» Activity
In full and without change, return each entry.

(Recorded data)
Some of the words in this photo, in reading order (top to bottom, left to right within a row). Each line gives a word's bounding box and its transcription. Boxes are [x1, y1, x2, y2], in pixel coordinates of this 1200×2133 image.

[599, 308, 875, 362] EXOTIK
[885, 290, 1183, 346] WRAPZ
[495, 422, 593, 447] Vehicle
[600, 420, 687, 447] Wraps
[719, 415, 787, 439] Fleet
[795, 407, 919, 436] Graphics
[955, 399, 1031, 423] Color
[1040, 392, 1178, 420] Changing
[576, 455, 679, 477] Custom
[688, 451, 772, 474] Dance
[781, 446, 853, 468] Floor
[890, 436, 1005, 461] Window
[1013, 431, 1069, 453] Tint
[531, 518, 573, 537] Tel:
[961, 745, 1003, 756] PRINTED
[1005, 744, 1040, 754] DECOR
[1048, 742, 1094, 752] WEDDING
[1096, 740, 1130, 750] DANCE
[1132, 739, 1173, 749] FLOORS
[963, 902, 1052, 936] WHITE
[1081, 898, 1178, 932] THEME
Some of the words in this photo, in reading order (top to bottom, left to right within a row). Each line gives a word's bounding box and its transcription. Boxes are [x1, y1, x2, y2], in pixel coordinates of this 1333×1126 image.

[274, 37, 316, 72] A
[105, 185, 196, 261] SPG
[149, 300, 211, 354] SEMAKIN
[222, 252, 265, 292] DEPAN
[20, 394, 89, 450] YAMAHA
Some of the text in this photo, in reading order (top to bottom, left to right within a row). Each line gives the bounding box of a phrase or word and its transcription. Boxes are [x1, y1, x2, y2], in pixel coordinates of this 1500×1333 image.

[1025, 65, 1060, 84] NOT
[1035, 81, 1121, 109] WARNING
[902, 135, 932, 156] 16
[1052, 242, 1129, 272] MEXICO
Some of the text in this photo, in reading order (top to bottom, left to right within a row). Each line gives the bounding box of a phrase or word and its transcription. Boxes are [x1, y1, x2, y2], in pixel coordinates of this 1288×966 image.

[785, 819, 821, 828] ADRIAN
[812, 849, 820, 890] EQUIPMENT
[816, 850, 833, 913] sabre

» Response
Some of the words in this photo, in reading order (top to bottom, left to right within a row). Each line gives a word's bounding box and its transcription. Boxes are [x1, y1, x2, y2], in pixel coordinates of this 1200×2133 image.

[599, 308, 875, 362] EXOTIK
[885, 290, 1183, 346] WRAPZ
[495, 422, 593, 447] Vehicle
[600, 420, 687, 447] Wraps
[719, 415, 787, 439] Fleet
[795, 407, 919, 436] Graphics
[955, 399, 1031, 423] Color
[1040, 392, 1178, 420] Changing
[576, 455, 679, 477] Custom
[688, 451, 772, 474] Dance
[781, 446, 853, 468] Floor
[890, 436, 1005, 461] Window
[1013, 431, 1069, 453] Tint
[531, 518, 573, 537] Tel:
[961, 745, 1003, 756] PRINTED
[1005, 744, 1040, 754] DECOR
[1048, 742, 1094, 752] WEDDING
[1096, 740, 1130, 750] DANCE
[1132, 739, 1173, 749] FLOORS
[963, 902, 1052, 936] WHITE
[1081, 898, 1178, 932] THEME
Some of the words in this photo, in reading order (top to bottom, left to right within a row). Each line gives a word's bounding box and its transcription. Boxes are [x1, y1, x2, y2], in pixel coordinates of this 1333×1126 image.

[274, 37, 316, 72] A
[105, 185, 196, 261] SPG
[149, 300, 211, 354] SEMAKIN
[222, 252, 265, 292] DEPAN
[20, 394, 89, 450] YAMAHA
Some of the text in this photo, in reading order (top to bottom, left to right within a row). Each line gives the bounding box of a phrase or word and its transcription. Boxes are [x1, y1, x2, y2], in pixel coordinates of this 1500×1333 image.

[1025, 65, 1060, 84] NOT
[1035, 81, 1121, 109] WARNING
[902, 135, 932, 156] 16
[1052, 242, 1129, 272] MEXICO
Some of the text in this photo, in reading order (top to bottom, left to right within a row). Each line gives the bounding box of a phrase or word and its transcription. Boxes are [x1, y1, x2, y2], in pixel coordinates of this 1288×966 image.

[785, 819, 821, 828] ADRIAN
[812, 849, 820, 890] EQUIPMENT
[816, 850, 833, 913] sabre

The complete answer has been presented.